[Records from a data collection]
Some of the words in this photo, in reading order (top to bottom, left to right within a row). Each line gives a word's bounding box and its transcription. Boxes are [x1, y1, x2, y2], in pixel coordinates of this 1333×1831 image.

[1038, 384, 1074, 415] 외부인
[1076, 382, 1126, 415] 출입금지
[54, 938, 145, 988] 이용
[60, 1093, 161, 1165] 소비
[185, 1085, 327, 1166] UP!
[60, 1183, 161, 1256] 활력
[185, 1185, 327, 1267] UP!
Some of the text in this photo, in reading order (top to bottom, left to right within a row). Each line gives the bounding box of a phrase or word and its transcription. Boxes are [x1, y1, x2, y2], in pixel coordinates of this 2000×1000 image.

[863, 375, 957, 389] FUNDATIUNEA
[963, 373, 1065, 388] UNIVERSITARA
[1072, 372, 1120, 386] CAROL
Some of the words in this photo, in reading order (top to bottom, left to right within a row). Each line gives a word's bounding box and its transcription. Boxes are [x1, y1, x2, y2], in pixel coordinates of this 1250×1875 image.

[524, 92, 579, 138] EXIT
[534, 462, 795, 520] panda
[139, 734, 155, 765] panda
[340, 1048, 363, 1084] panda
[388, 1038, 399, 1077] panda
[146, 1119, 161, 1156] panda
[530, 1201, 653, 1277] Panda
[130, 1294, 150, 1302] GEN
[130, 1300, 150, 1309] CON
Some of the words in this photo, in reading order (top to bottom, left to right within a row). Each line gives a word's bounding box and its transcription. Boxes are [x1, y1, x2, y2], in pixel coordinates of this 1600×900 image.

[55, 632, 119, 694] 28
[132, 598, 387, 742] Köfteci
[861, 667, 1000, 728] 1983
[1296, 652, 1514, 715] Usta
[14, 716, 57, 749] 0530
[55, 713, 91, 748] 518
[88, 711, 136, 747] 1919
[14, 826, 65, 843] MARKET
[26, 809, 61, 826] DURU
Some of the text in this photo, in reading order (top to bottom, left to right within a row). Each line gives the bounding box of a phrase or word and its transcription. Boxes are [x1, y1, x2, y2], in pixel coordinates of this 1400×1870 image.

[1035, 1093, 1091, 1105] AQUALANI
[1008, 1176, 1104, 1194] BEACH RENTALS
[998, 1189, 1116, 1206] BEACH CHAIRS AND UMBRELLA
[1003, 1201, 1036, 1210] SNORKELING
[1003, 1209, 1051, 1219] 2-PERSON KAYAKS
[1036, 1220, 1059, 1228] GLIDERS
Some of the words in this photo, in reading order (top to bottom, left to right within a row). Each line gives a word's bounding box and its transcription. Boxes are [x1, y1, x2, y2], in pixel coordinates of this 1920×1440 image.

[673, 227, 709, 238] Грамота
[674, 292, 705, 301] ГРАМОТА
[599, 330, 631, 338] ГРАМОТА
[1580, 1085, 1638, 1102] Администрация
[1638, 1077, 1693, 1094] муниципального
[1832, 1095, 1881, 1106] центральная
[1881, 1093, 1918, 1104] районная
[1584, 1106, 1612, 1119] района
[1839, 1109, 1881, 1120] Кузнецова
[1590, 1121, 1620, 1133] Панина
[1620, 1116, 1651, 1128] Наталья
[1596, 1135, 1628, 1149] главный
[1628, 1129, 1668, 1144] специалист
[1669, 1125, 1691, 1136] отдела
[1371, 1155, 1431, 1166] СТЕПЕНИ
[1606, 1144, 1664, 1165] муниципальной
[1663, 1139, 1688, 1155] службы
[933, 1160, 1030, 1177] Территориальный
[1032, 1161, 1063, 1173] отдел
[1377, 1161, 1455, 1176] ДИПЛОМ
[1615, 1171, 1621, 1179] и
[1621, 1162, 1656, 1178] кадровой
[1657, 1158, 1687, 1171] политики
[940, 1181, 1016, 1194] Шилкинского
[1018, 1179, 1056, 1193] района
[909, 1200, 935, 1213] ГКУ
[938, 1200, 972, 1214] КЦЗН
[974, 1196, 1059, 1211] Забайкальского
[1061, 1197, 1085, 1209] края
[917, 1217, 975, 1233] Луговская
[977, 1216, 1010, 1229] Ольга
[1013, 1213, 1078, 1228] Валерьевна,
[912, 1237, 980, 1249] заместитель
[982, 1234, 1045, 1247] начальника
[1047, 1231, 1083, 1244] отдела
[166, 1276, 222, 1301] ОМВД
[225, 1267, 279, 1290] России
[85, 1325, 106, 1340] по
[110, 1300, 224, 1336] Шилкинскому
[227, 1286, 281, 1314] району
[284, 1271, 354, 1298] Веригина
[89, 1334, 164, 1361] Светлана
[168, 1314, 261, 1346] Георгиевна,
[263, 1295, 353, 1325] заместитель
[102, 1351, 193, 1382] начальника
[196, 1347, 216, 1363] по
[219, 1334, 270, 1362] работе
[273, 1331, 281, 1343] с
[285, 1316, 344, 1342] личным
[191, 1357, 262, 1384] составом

▶ **Exercise**
All of the records must be retyped exactly as they are.

▶ **Solution**
Some of the words in this photo, in reading order (top to bottom, left to right within a row). Each line gives a word's bounding box and its transcription. Boxes are [x1, y1, x2, y2], in pixel coordinates of this 1333×1831 image.

[1038, 384, 1074, 415] 외부인
[1076, 382, 1126, 415] 출입금지
[54, 938, 145, 988] 이용
[60, 1093, 161, 1165] 소비
[185, 1085, 327, 1166] UP!
[60, 1183, 161, 1256] 활력
[185, 1185, 327, 1267] UP!
Some of the text in this photo, in reading order (top to bottom, left to right within a row). Each line gives the bounding box of a phrase or word and its transcription. Boxes are [x1, y1, x2, y2], in pixel coordinates of this 2000×1000 image.

[863, 375, 957, 389] FUNDATIUNEA
[963, 373, 1065, 388] UNIVERSITARA
[1072, 372, 1120, 386] CAROL
Some of the words in this photo, in reading order (top to bottom, left to right within a row). Each line gives a word's bounding box and its transcription. Boxes are [x1, y1, x2, y2], in pixel coordinates of this 1250×1875 image.

[524, 92, 579, 138] EXIT
[534, 462, 795, 520] panda
[139, 734, 155, 765] panda
[340, 1048, 363, 1084] panda
[388, 1038, 399, 1077] panda
[146, 1119, 161, 1156] panda
[530, 1201, 653, 1277] Panda
[130, 1294, 150, 1302] GEN
[130, 1300, 150, 1309] CON
Some of the words in this photo, in reading order (top to bottom, left to right within a row). Each line gives a word's bounding box and its transcription. Boxes are [x1, y1, x2, y2], in pixel coordinates of this 1600×900 image.

[55, 632, 119, 694] 28
[132, 598, 387, 742] Köfteci
[861, 667, 1000, 728] 1983
[1296, 652, 1514, 715] Usta
[14, 716, 57, 749] 0530
[55, 713, 91, 748] 518
[88, 711, 136, 747] 1919
[14, 826, 65, 843] MARKET
[26, 809, 61, 826] DURU
Some of the text in this photo, in reading order (top to bottom, left to right within a row). Each line gives the bounding box of a phrase or word and its transcription. Boxes are [x1, y1, x2, y2], in pixel coordinates of this 1400×1870 image.

[1035, 1093, 1091, 1105] AQUALANI
[1008, 1176, 1104, 1194] BEACH RENTALS
[998, 1189, 1116, 1206] BEACH CHAIRS AND UMBRELLA
[1003, 1201, 1036, 1210] SNORKELING
[1003, 1209, 1051, 1219] 2-PERSON KAYAKS
[1036, 1220, 1059, 1228] GLIDERS
Some of the words in this photo, in reading order (top to bottom, left to right within a row). Each line gives a word's bounding box and its transcription. Boxes are [x1, y1, x2, y2], in pixel coordinates of this 1920×1440 image.

[673, 227, 709, 238] Грамота
[674, 292, 705, 301] ГРАМОТА
[599, 330, 631, 338] ГРАМОТА
[1580, 1085, 1638, 1102] Администрация
[1638, 1077, 1693, 1094] муниципального
[1832, 1095, 1881, 1106] центральная
[1881, 1093, 1918, 1104] районная
[1584, 1106, 1612, 1119] района
[1839, 1109, 1881, 1120] Кузнецова
[1590, 1121, 1620, 1133] Панина
[1620, 1116, 1651, 1128] Наталья
[1596, 1135, 1628, 1149] главный
[1628, 1129, 1668, 1144] специалист
[1669, 1125, 1691, 1136] отдела
[1371, 1155, 1431, 1166] СТЕПЕНИ
[1606, 1144, 1664, 1165] муниципальной
[1663, 1139, 1688, 1155] службы
[933, 1160, 1030, 1177] Территориальный
[1032, 1161, 1063, 1173] отдел
[1377, 1161, 1455, 1176] ДИПЛОМ
[1615, 1171, 1621, 1179] и
[1621, 1162, 1656, 1178] кадровой
[1657, 1158, 1687, 1171] политики
[940, 1181, 1016, 1194] Шилкинского
[1018, 1179, 1056, 1193] района
[909, 1200, 935, 1213] ГКУ
[938, 1200, 972, 1214] КЦЗН
[974, 1196, 1059, 1211] Забайкальского
[1061, 1197, 1085, 1209] края
[917, 1217, 975, 1233] Луговская
[977, 1216, 1010, 1229] Ольга
[1013, 1213, 1078, 1228] Валерьевна,
[912, 1237, 980, 1249] заместитель
[982, 1234, 1045, 1247] начальника
[1047, 1231, 1083, 1244] отдела
[166, 1276, 222, 1301] ОМВД
[225, 1267, 279, 1290] России
[85, 1325, 106, 1340] по
[110, 1300, 224, 1336] Шилкинскому
[227, 1286, 281, 1314] району
[284, 1271, 354, 1298] Веригина
[89, 1334, 164, 1361] Светлана
[168, 1314, 261, 1346] Георгиевна,
[263, 1295, 353, 1325] заместитель
[102, 1351, 193, 1382] начальника
[196, 1347, 216, 1363] по
[219, 1334, 270, 1362] работе
[273, 1331, 281, 1343] с
[285, 1316, 344, 1342] личным
[191, 1357, 262, 1384] составом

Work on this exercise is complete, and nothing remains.